Records to use →
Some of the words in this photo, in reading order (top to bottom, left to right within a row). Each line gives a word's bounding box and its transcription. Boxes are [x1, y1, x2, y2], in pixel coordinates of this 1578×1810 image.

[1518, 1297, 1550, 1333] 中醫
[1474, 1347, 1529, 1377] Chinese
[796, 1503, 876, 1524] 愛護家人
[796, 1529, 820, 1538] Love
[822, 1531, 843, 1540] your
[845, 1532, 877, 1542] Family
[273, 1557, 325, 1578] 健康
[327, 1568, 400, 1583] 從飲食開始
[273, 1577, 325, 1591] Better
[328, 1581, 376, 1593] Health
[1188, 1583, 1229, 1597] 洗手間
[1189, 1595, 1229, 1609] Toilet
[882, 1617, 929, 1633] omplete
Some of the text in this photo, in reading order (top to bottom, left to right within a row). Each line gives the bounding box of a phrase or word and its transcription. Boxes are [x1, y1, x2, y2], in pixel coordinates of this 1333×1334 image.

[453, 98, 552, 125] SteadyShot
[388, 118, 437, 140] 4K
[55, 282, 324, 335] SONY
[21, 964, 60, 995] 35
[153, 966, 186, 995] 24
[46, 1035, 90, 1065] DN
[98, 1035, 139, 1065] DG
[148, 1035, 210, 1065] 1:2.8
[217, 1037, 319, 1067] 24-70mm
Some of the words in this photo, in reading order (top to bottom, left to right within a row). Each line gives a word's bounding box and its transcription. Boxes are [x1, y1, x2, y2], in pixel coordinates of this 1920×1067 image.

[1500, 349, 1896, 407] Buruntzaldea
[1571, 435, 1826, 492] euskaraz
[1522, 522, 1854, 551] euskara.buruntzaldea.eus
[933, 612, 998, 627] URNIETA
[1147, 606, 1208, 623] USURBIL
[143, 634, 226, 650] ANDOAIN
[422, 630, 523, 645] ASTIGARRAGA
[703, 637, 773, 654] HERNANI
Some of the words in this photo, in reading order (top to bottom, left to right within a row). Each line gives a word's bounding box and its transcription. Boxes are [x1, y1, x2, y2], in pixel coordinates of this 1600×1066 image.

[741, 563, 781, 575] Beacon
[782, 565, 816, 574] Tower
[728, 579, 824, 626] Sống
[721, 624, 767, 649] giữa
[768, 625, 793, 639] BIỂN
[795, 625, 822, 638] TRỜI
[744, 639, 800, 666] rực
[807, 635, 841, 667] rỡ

Task to complete → Give exactly, and nothing besides, the lines from the one in which "this 1600×1066 image." occurs through the end of the records.

Solution below →
Some of the words in this photo, in reading order (top to bottom, left to right within a row). Each line gives a word's bounding box and its transcription. Boxes are [x1, y1, x2, y2], in pixel coordinates of this 1600×1066 image.

[741, 563, 781, 575] Beacon
[782, 565, 816, 574] Tower
[728, 579, 824, 626] Sống
[721, 624, 767, 649] giữa
[768, 625, 793, 639] BIỂN
[795, 625, 822, 638] TRỜI
[744, 639, 800, 666] rực
[807, 635, 841, 667] rỡ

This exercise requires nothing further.